Islamic militants in Saudi Arabia appear to have learnt lessons from their attacks last year, one of which is the dangers of alienating Muslim opinion. In more recent terrorist attacks, Saudi militants have taken care to avoid killing Muslims. At the Oasis complex in the oil city of al-Khobar, militants went door-to-door, seeking out Westerners for execution. They were careful to separate out Muslims and anyone of Middle Eastern origin. For instance, a Christian woman was allowed to go free after proving she was Lebanese, and an Iraqi American managed to survive by proving he was a follower of Islam.

Similarly, in the attack at the petrochemical complex at Yanbu, where five Westerners were shot dead, a militant passed by a Filipino, saying that he was not what they were looking for. As important as the military operations against the enemy is the battle for the hearts and minds of the Muslim people. The targeted attacks on Westerners must be seen in this context. Although many Arabs are horrified by the beheading of hostages and condemn such actions carried out in the name of Islam, they justify attacks on Westerners as inevitable responses to US/Israeli occupation of Arab lands.
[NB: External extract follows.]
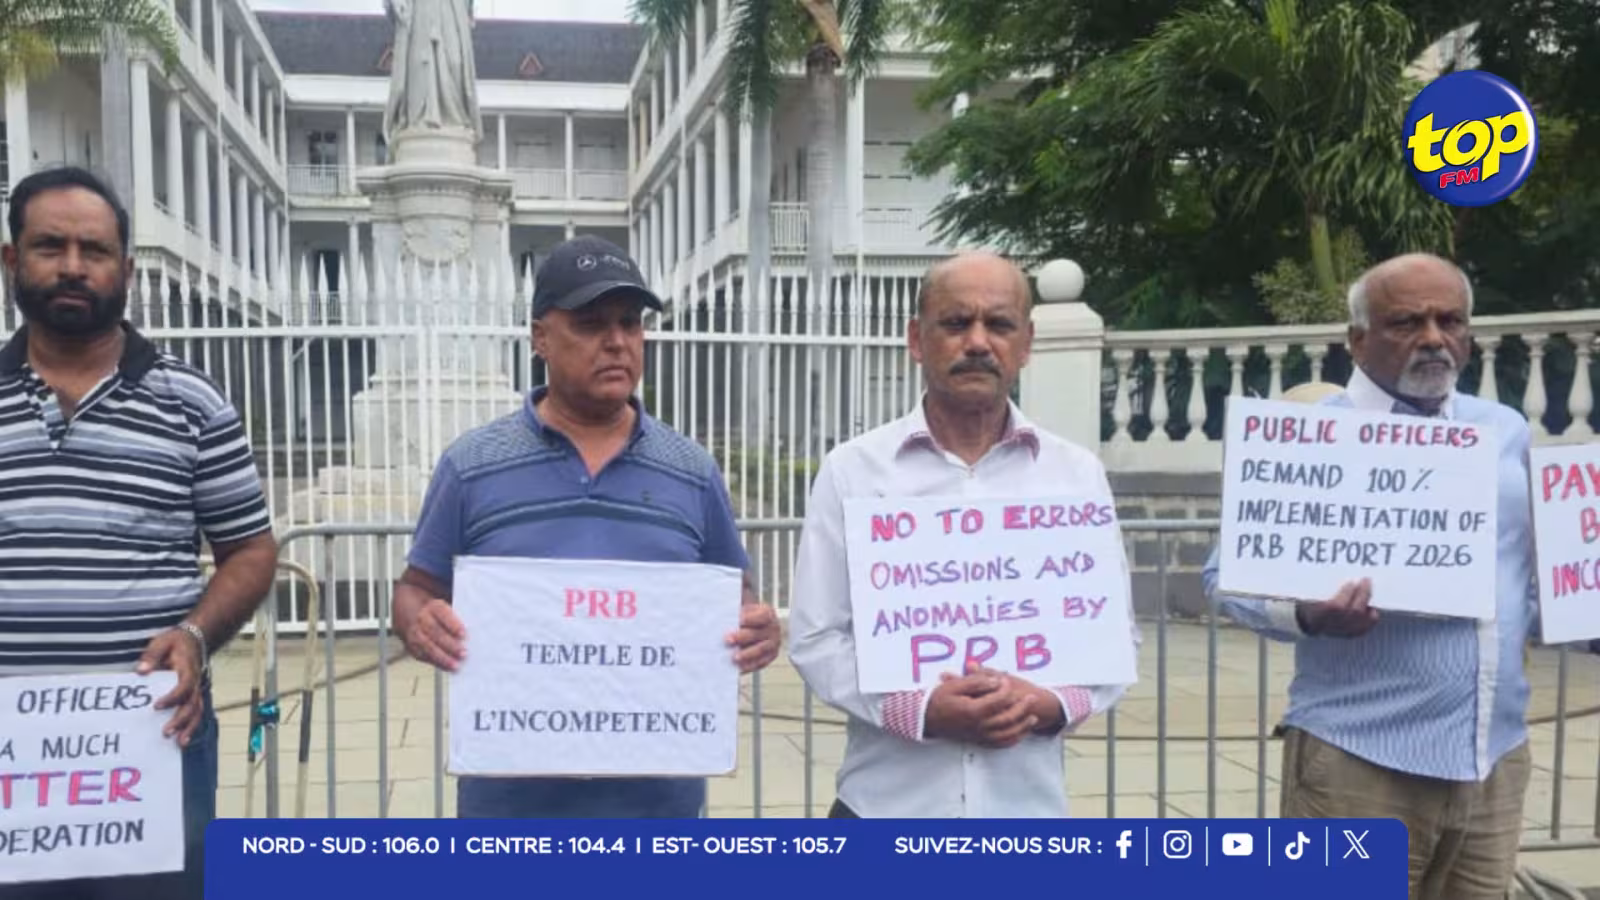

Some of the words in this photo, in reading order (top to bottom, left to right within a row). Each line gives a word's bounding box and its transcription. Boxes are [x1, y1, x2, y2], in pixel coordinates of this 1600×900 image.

Militants are increasingly resorting to hostage-taking as part of their larger strategy of targeted attacks. Hostage taking is known to have a far more devastating impact on the psyche of an enemy, as the violence plays out slowly and sometimes, as in recent incidents of hostage-taking, in front of video cameras. While having their demands met is one goal of the hostage-takers, often it is with the aim of terrorizing the population from which individual Westerners have been kidnapped.

The taking of a hostage and his beheading in the event of the demands not being met, as was the case with Paul Johnson, has resulted in thousands of expatriate families in Saudi fleeing the country. Despite the efforts of the British and American governments to stem the exodus of their citizens working in the kingdom - a flight of foreign workers critical to the Saudi economy could trigger deep instability and result in the collapse of the regime - at least 30,000 expatriates have left following Johnson's gruesome execution.

So frequent and widespread is the practice of hostage-taking in Iraq in recent months that American analysts are describing it as a "cottage industry" in that country. Drawing attention to the immense impact that hostage-taking has on American opinion, analysts are recalling the impact that the taking of hostages in the American embassy in Iran in 1979 had on the presidential elections the following year. President Jimmy Carter was defeated in the elections after efforts to secure the release of the American hostages failed.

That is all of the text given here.